In case you’ve missed it, a science fiction and fantasy writer of some small critical acclaim (he won a Nebula a while back and has taught at a high end writer’s workshop) has made statements saying Tolkien was racist.  His evidence?  Orcs, according to this writer, represent black people.

Personally, I think it’s racist to compare orcs to any race.  This is fantasy, and there are a number of races in Tolkien’s works.  Hobbits, elves, humans, dwarves.  What ethnic group are they supposed to represent?

I think part of this is an attempt to drum up publicity because he as a new collection out.  (I’m not going tell you who he is because I don’t want to give him any publicity.)  Remember, this is a writer of some critical acclaim.  In other words, he hasn’t published any novels and isn’t making a living from his writing.

I know it’s fashionable to attack the giants of the genre.  It’s how you get a seat at the cool kids’ table.  Personally, considering who some of the cook kids in the field are, I have no desire to sit at their table.
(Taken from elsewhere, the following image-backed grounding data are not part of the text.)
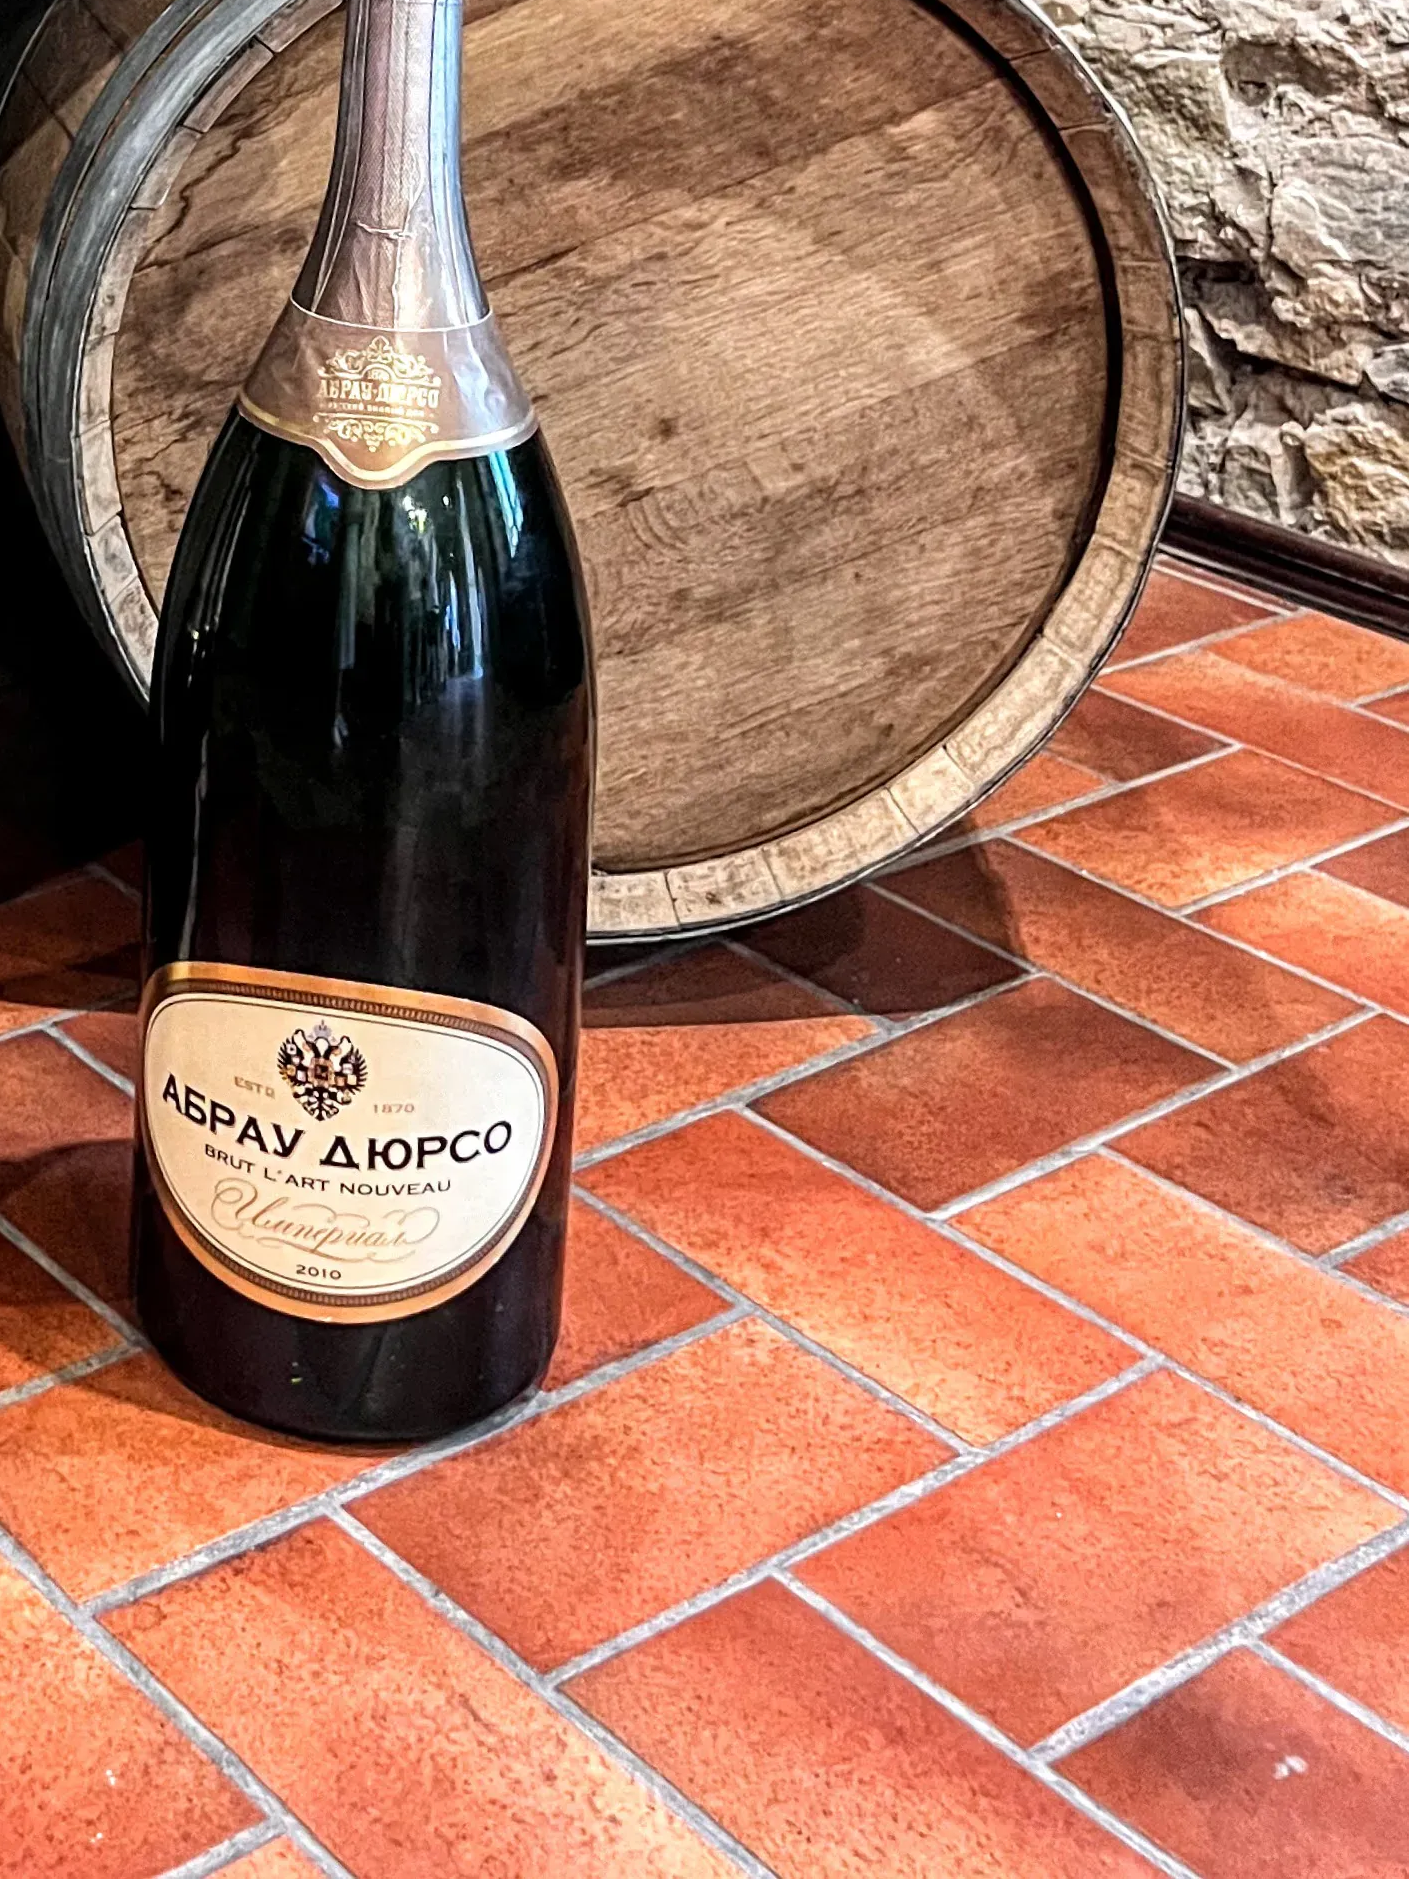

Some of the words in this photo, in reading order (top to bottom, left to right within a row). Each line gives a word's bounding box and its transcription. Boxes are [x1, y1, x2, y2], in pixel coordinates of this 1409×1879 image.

[162, 1072, 306, 1159] АБРАУ
[319, 1120, 512, 1170] ДЮРСО
[373, 1103, 415, 1114] 1870
[204, 1143, 256, 1174] BRUT
[340, 1179, 452, 1197] NOUVEAU
[295, 1264, 342, 1281] 2010
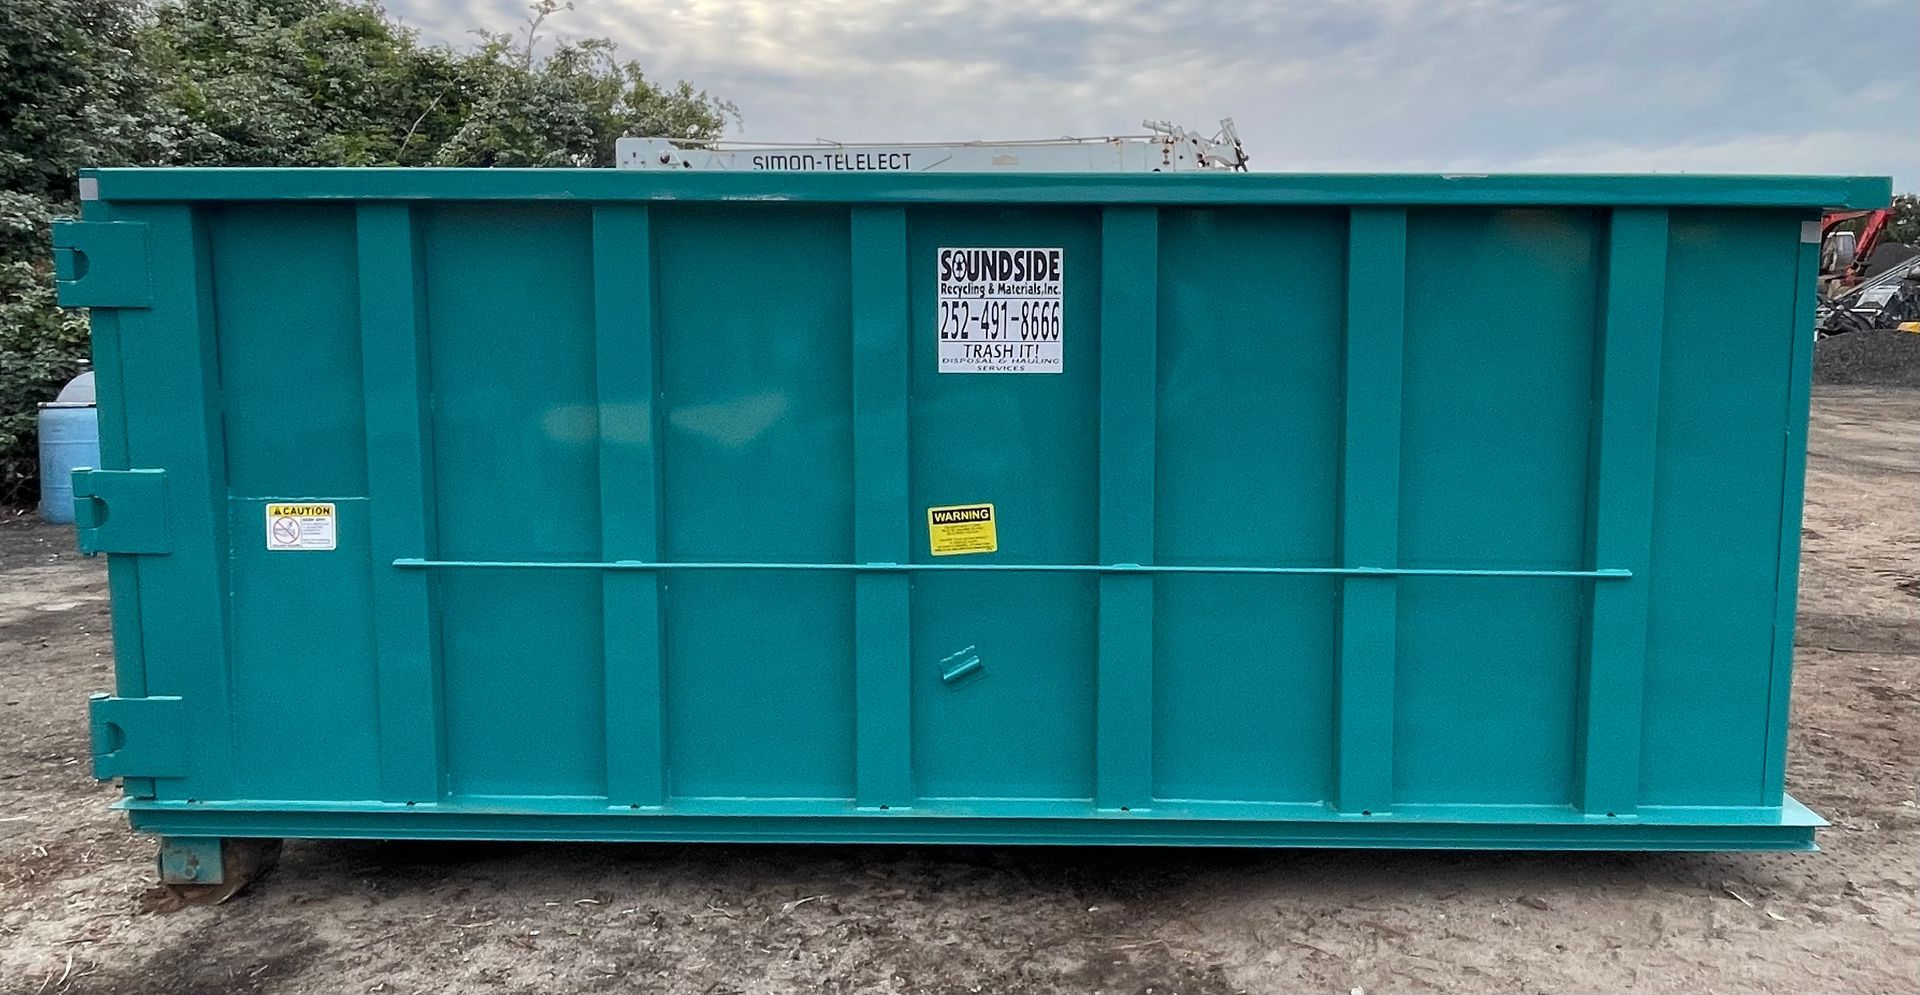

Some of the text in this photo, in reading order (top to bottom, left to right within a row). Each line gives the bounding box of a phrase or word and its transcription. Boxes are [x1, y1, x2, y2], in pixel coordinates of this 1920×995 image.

[753, 153, 912, 170] SIMON-TELELECT
[941, 250, 1060, 282] SOUNDSIDE
[941, 283, 985, 299] Recycling
[988, 283, 995, 295] &
[941, 301, 1060, 340] 252-491-8666
[963, 344, 1039, 359] TRASH IT!
[283, 507, 330, 515] CAUTION
[934, 509, 989, 522] WARNING
I do feel an urge to reread Tolkien, and the holiday break is coming.  Tolkien is one of the masters of the form, and one who will be remembered long after many of the so called cool kids will be long forgotten.

 

18 thoughts on “In Defense of Tolkien

  1. Jim Cornelius

    Thanks Keith. This guy is a grandstanding jackass. I was going to write something about this, but I didn’t want to call attention to it. Frankly, didn’t think of handling it as you have.

    Reply
    1. Keith West Post author

      Thanks, Jim. I debated saying anything at all, just because I don’t want to give him the publicity. I read his first collection, which is long out of print. It was published in 2000, and I read it sometime in the early 2000’s. I remember nothing about it.

      Reply
  2. Woelf Dietrich

    I agree with you. I can just point and laugh at the stupidity of it all but then there is also a part of me that gets angry because this is a trend now, to belittle and/or besmirch the masters of old. It’s a terrible shortsighted thing to do.

    Reply
    1. Alexandru Constantin

      Right, a part of me wants to ignore this,but another part wants me to rage because I can’t stand silently as everything good and just is attacked.
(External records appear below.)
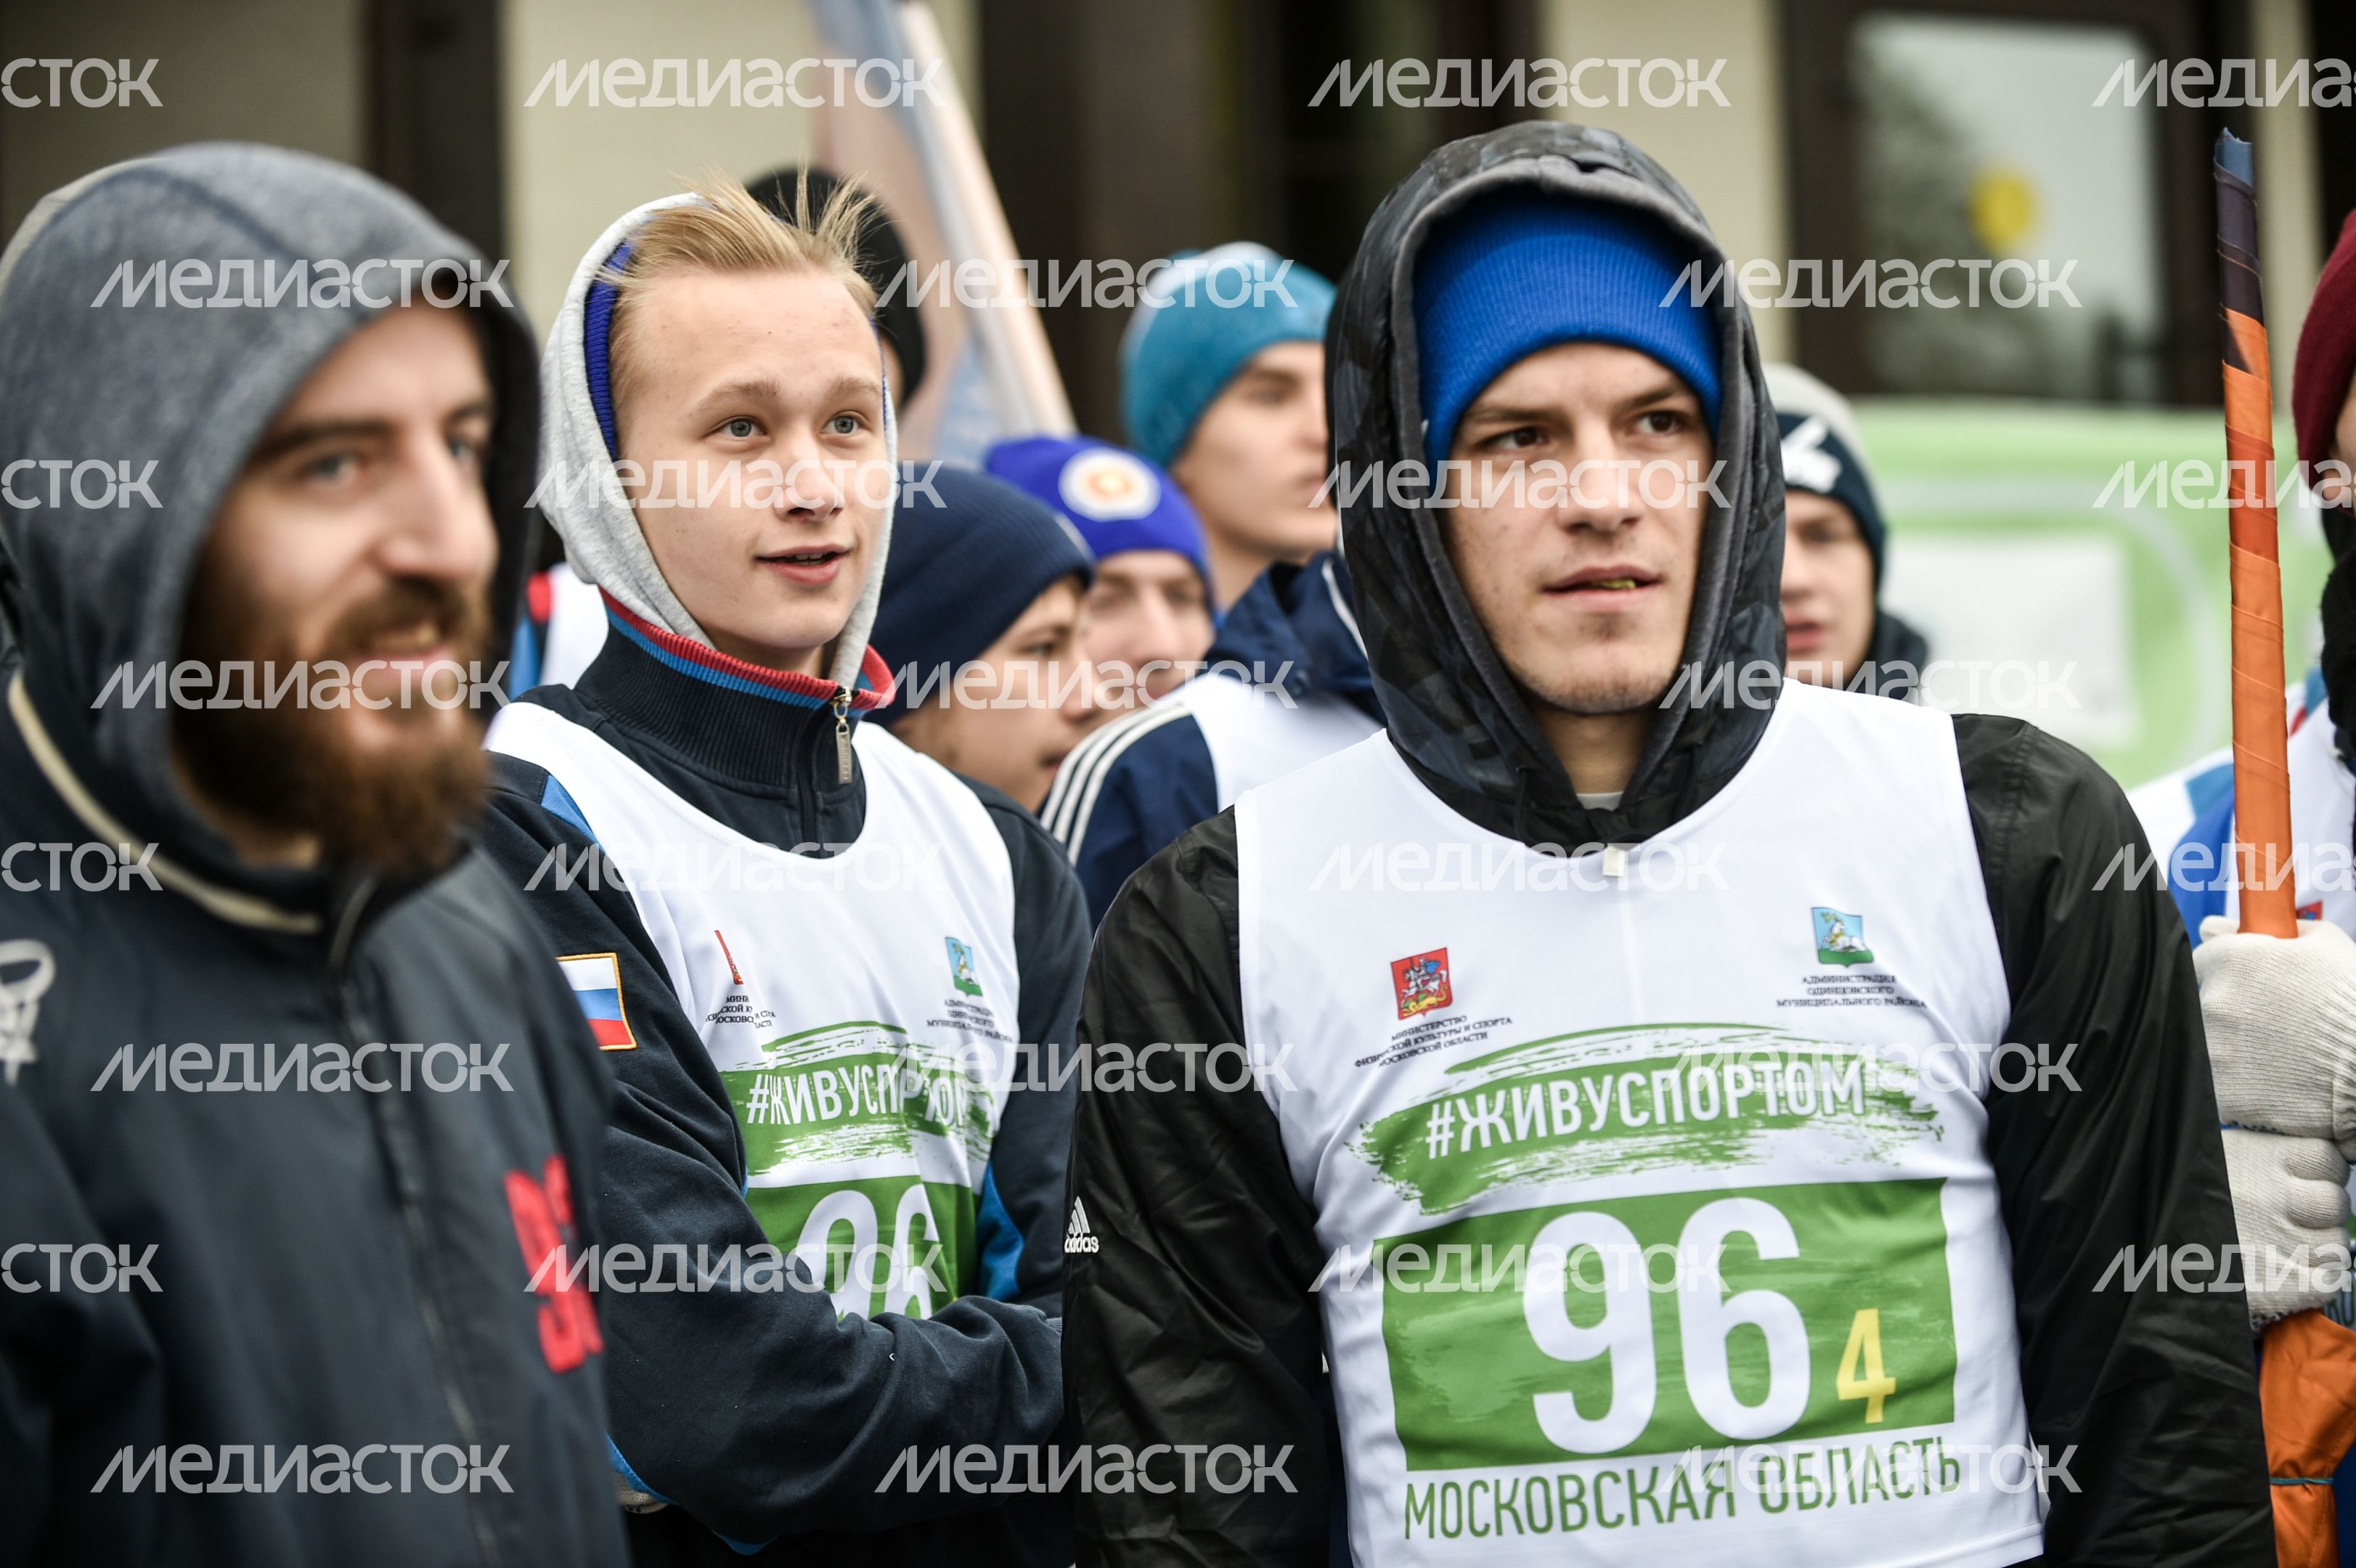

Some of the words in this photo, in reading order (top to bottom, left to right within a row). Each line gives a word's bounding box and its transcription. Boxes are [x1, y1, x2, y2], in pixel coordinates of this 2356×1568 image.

[1424, 1059, 1867, 1161] #ЖИВУСПОРТОМ
[1064, 1231, 1099, 1254] adidas
[1523, 1197, 1811, 1454] 96
[1835, 1308, 1896, 1424] 4
[1403, 1459, 1737, 1540] МОСКОВСКАЯ
[1756, 1436, 1960, 1514] ОБЛАСТЬ
      I’m listening to LotR on audiobook on my walks. It’s such a beautiful work, hearing it read is a fantastic experience. To read about these disgusting degenerates attack this work of love from a man long dead is infuriating.

      Reply
      1. Keith West Post author

        My reaction is similar to yours. This guy deserves obscurity, but it pisses me off too much to let his attacks go unopposed. The quote about the bad men triumphing because good men do nothing comes to mind. There are reasons why certain works transcend their times. LotR is one of those works. It should be defended. I get that it’s not the type of fantasy that is to everyone’s taste. That doesn’t mean it should be attacked.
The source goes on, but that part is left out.